If you see a picture in the data below, omit it and copy the rest exactly.

Stored data entries
══════════

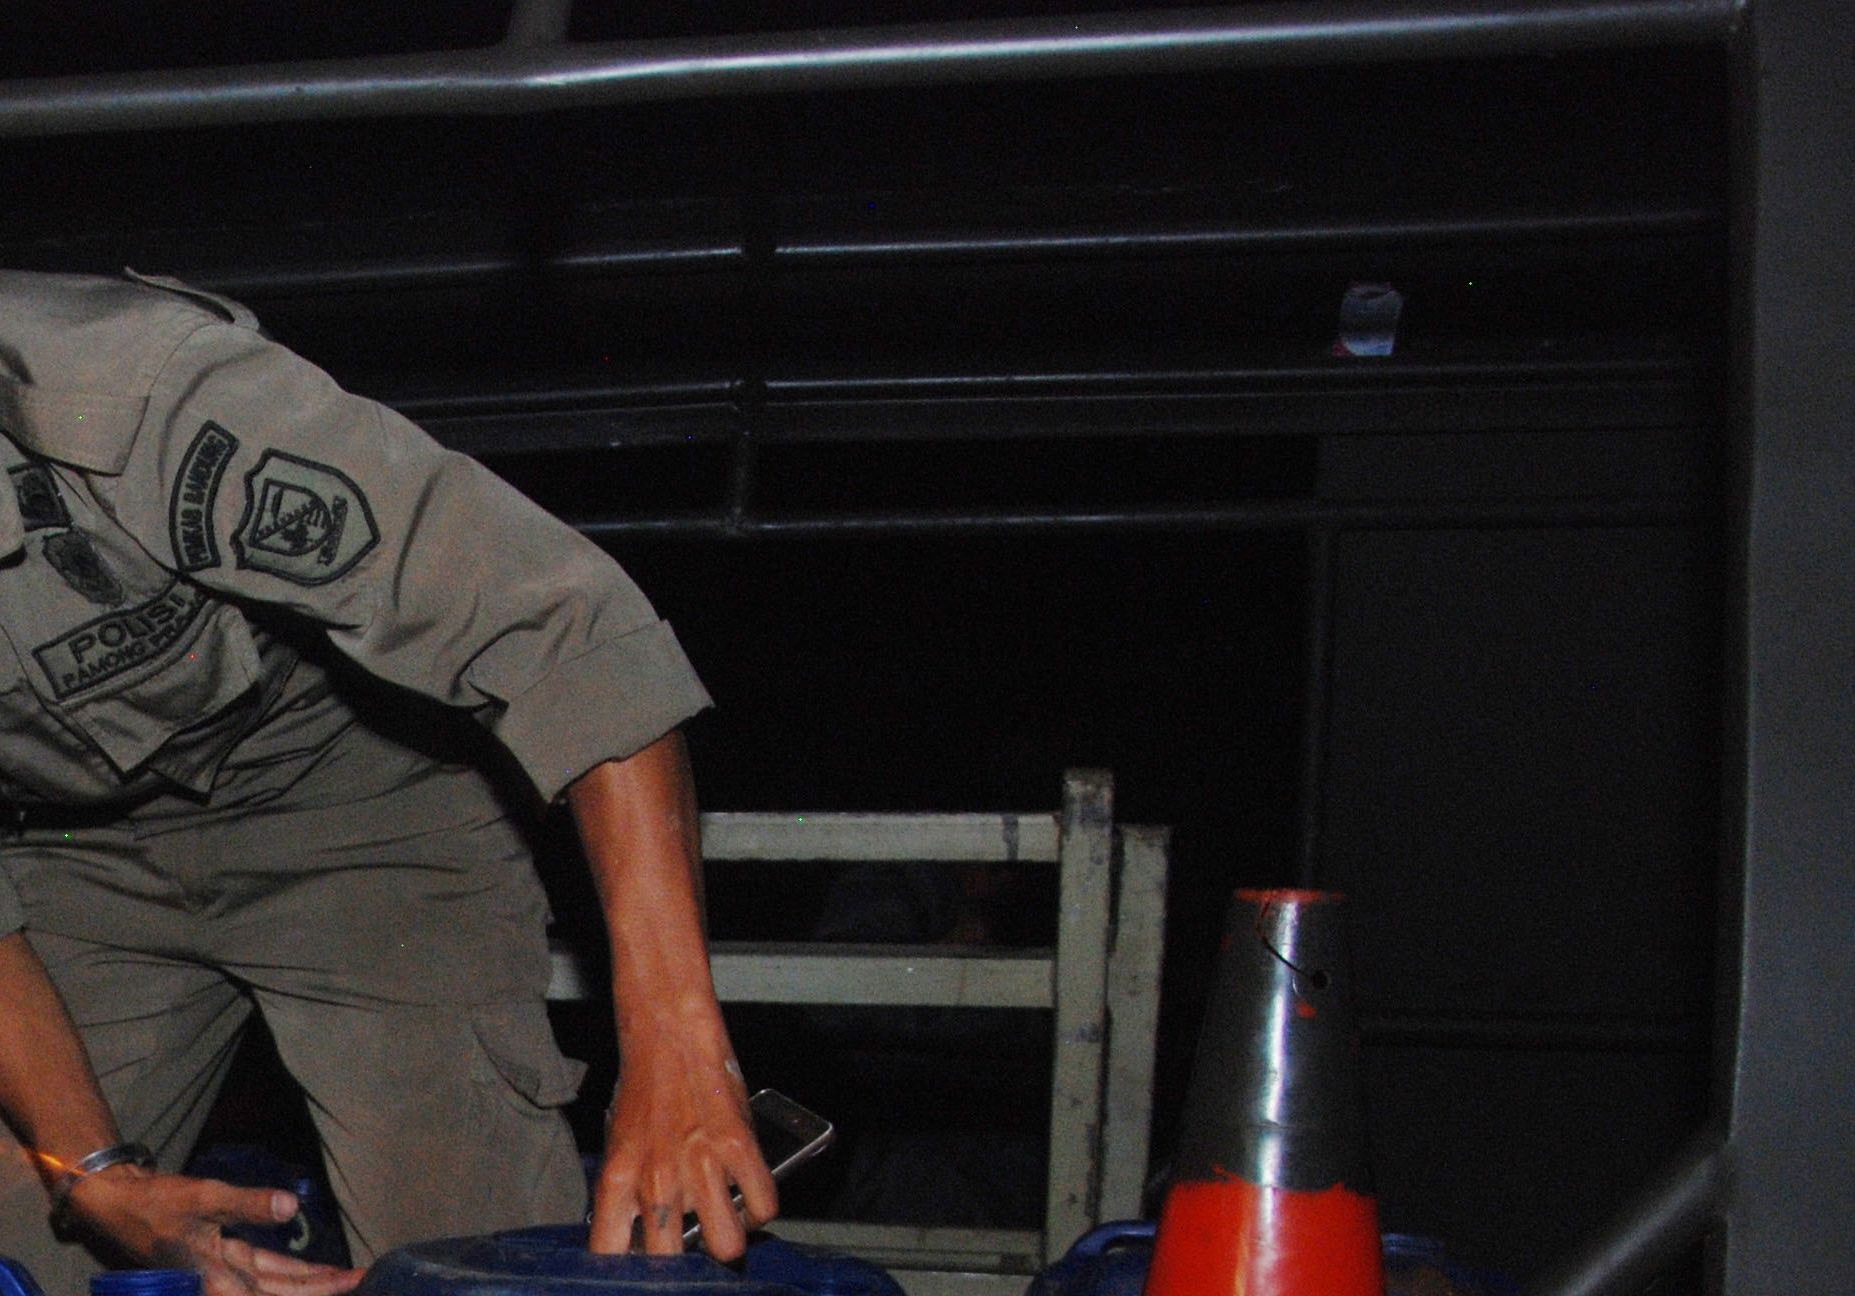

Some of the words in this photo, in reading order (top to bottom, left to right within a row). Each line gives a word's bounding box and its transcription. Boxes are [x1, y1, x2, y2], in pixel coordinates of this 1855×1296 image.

[183, 434, 229, 506] BANDUNG
[67, 591, 187, 664] POLISI
[60, 639, 148, 690] PAMONG
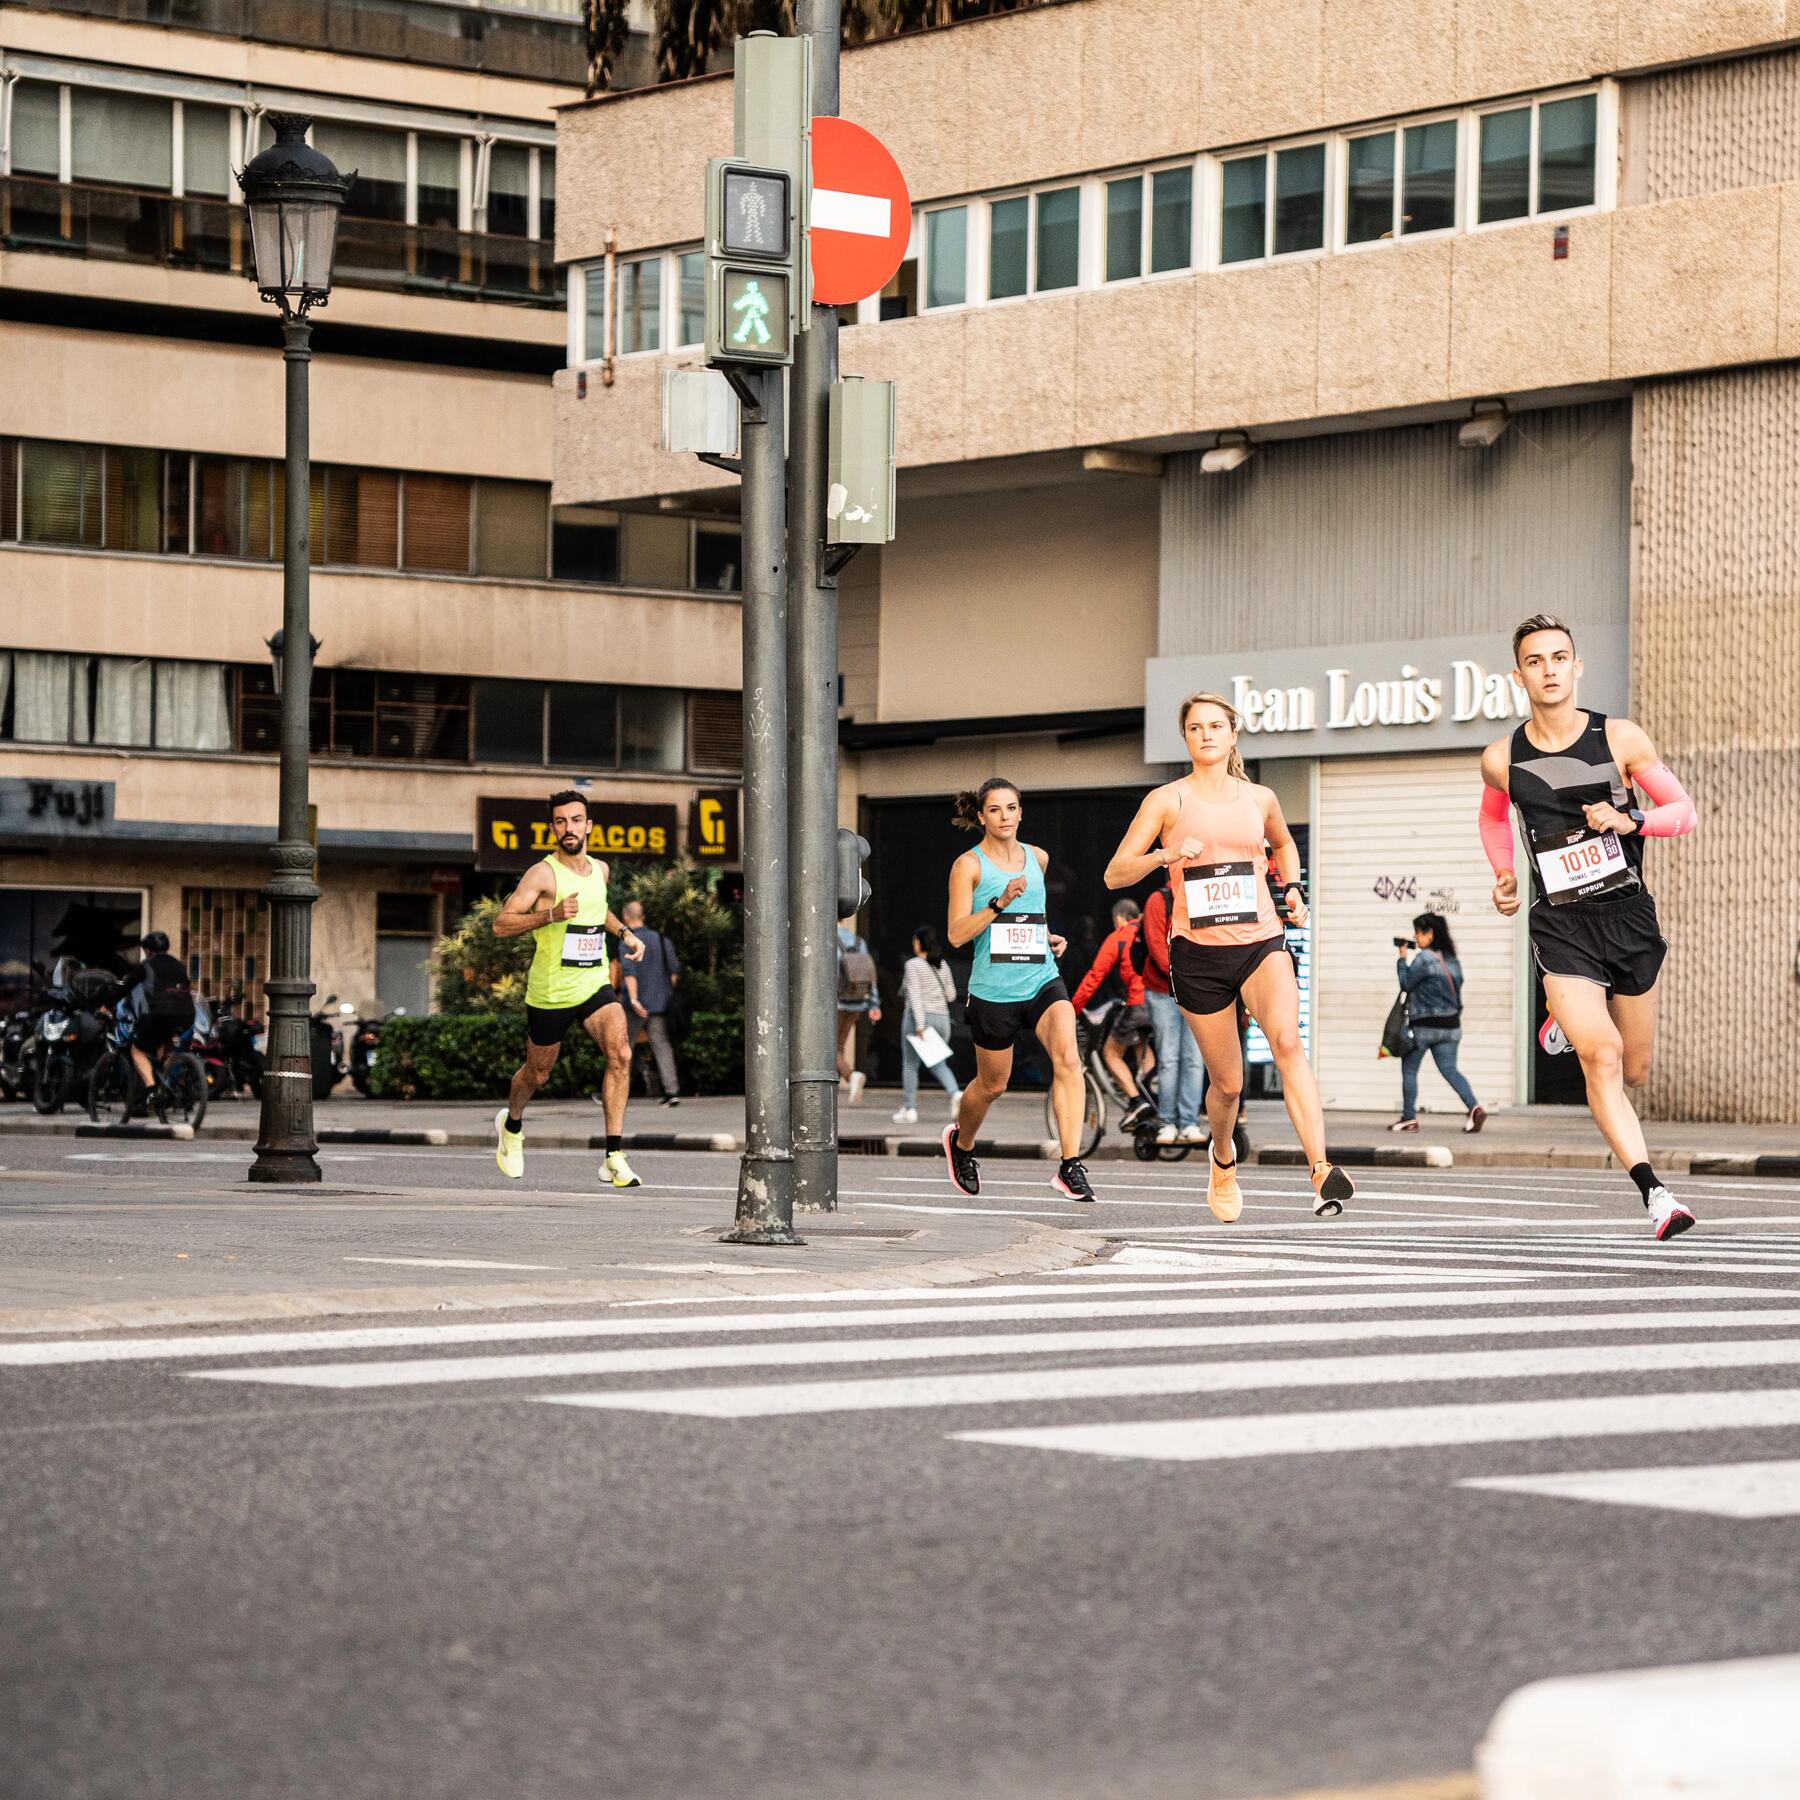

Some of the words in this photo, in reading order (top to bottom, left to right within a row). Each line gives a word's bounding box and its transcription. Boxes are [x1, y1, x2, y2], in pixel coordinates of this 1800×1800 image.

══════════

REPLY TO THE TASK:
Some of the words in this photo, in reading order (top to bottom, left to right within a row). Each line gives a word's bounding box and its transcription. Boxes are [x1, y1, x2, y2], in pixel coordinates of this 1855×1296 image.

[183, 434, 229, 506] BANDUNG
[67, 591, 187, 664] POLISI
[60, 639, 148, 690] PAMONG

Some of the words in this photo, in reading order (top to bottom, left to right within a row). Each line gives a word's bounding box and its transcription. Boxes are [x1, y1, x2, y2], in pixel coordinates of this 1800×1800 image.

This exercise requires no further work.